KMIL
- Cameron, Texas; United States;
- Frequency: 105.1 MHz
- Branding: 105.1 Shooter FM

Programming
- Format: Texas country

Ownership
- Owner: M&M Broadcasters, LTD.

History
- First air date: January 25, 2007
- Former call signs: KHTZ (1999–2004, CP); KNVR (2004–2007);

Technical information
- Licensing authority: FCC
- Facility ID: 84381
- Class: C3
- ERP: 15,000 watts
- HAAT: 100 meters (330 ft)

Links
- Public license information: Public file; LMS;
- Webcast: Listen live
- Website: kmil.com

= KMIL =

KMIL (105.1 FM) is a radio station airing a Texas country music format licensed to Cameron, Texas. It signed on in 1955 as an AM station located at 1330. The station broadcasts local news and local sports. It is owned by M&M Broadcasters, LTD.

The station's current Station Manager and Program Director is Billy Ray.

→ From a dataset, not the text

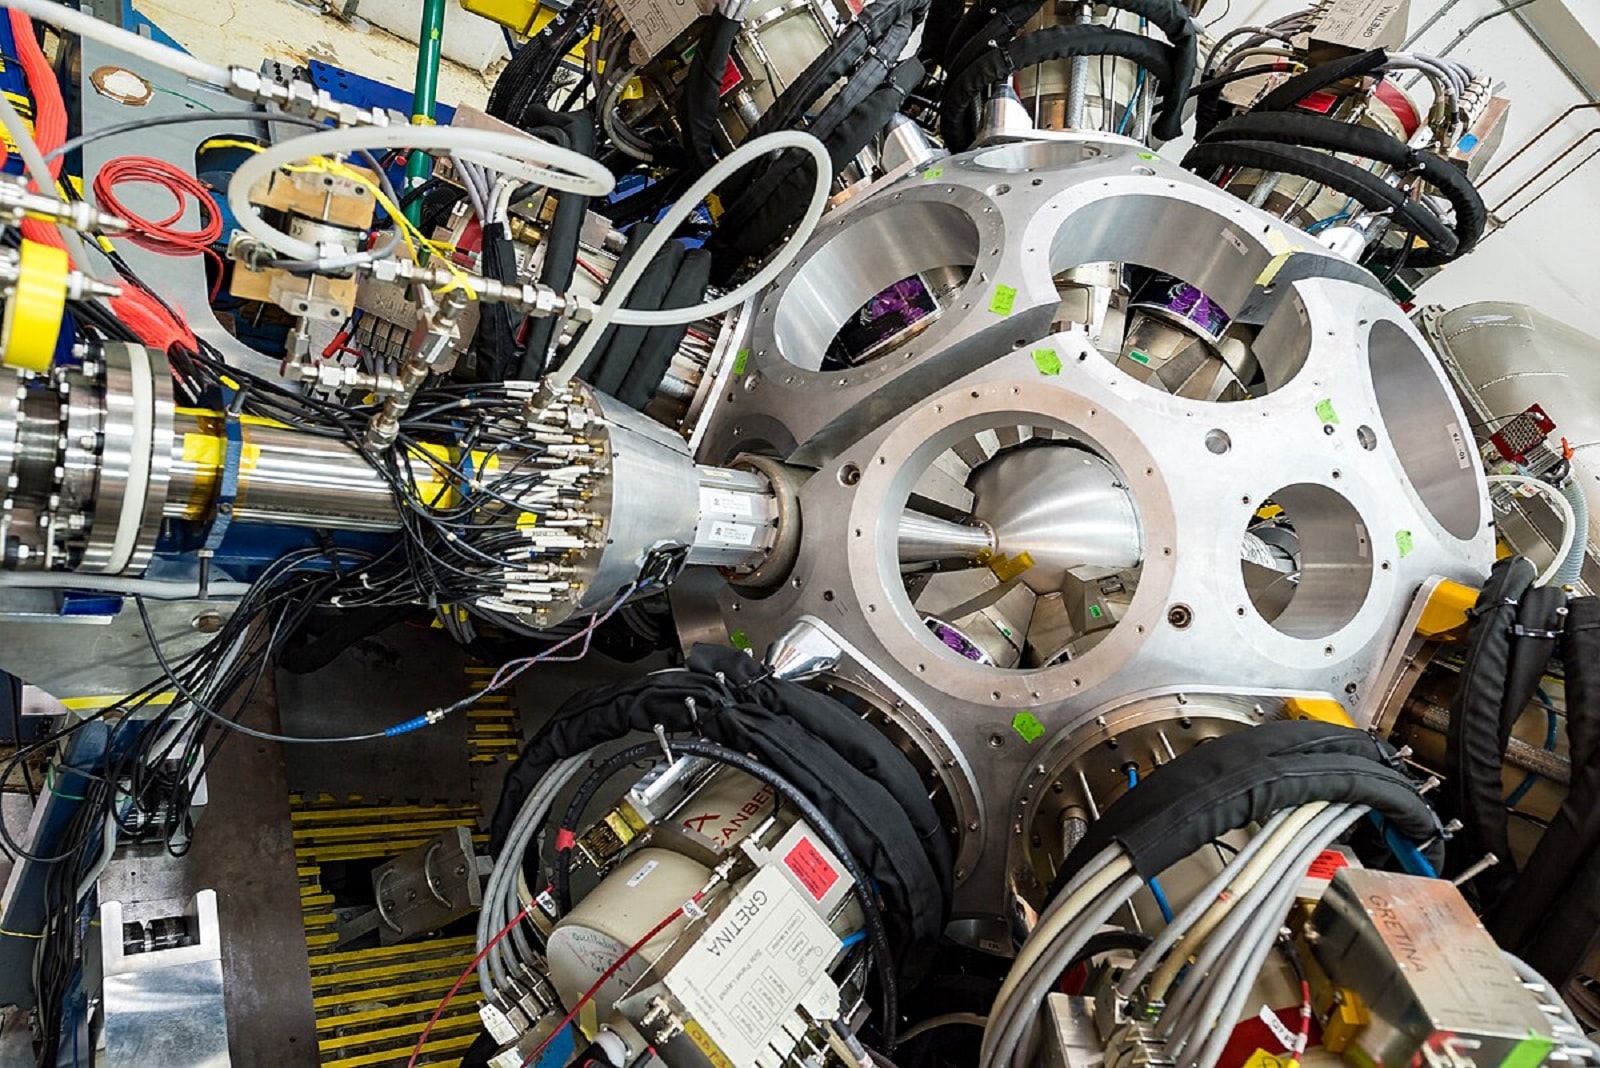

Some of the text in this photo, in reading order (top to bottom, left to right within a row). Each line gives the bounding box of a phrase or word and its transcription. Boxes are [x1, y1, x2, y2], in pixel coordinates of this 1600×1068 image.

Billy Ray is also the current morning show host.

Former management and staff include Gene "Unk" Smitherman, Silas Strausberger, Charlie McGregor, Joe Smitherman, Jeff Smitherman, Rob Reed, Chris Austin, Brett Eberhart, Joel Uvalle Jr., Donica Zabcik, Brian Smith, Rachelle Vogelsang, Kathy Pool, Casey Stanislaw, Mike Riggs, Ann Broussard, Robin Cunningham, Al Tag, Janice Corona, James Dickson, Nonito Martinez, Lina Ramon, Joy Reed, Alfred Vrazel, Porter Young, John Galure, Alan Wood, Frank Summers, Will “The Colonel” Sanders, and Rose Mondrik.